▸ **Requirement**: Omit the pictures from the listing below and print every remaining entry verbatim.

▸ **Data section**:
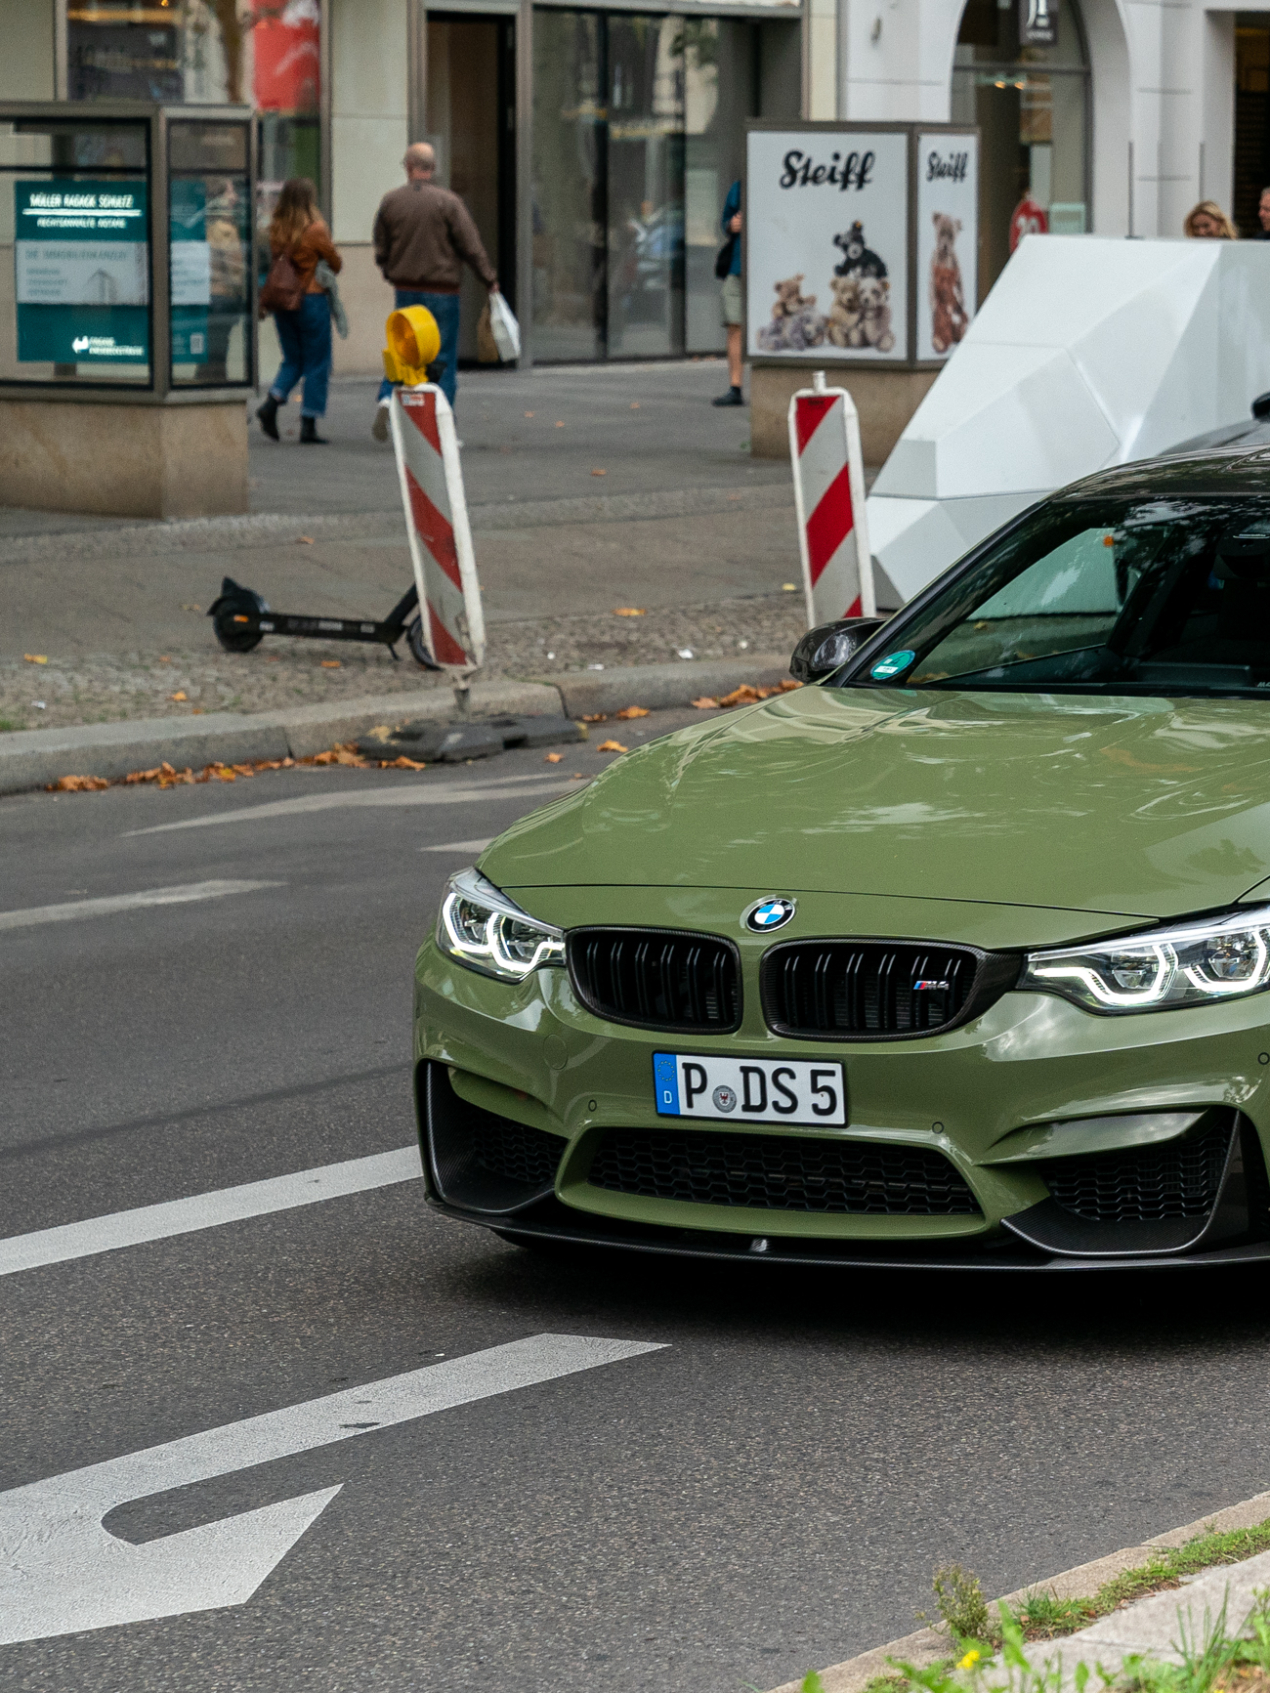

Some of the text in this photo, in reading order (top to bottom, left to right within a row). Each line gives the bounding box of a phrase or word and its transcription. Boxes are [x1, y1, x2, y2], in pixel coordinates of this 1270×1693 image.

[779, 148, 875, 191] Steiff
[927, 151, 968, 183] Steiff
[30, 192, 62, 207] MÜLLER
[663, 1090, 673, 1104] D
[682, 1062, 837, 1116] P DS 5

▸ **Output of the exercise**:
Some of the text in this photo, in reading order (top to bottom, left to right within a row). Each line gives the bounding box of a phrase or word and its transcription. Boxes are [x1, y1, x2, y2], in pixel coordinates of this 1270×1693 image.

[779, 148, 875, 191] Steiff
[927, 151, 968, 183] Steiff
[30, 192, 62, 207] MÜLLER
[663, 1090, 673, 1104] D
[682, 1062, 837, 1116] P DS 5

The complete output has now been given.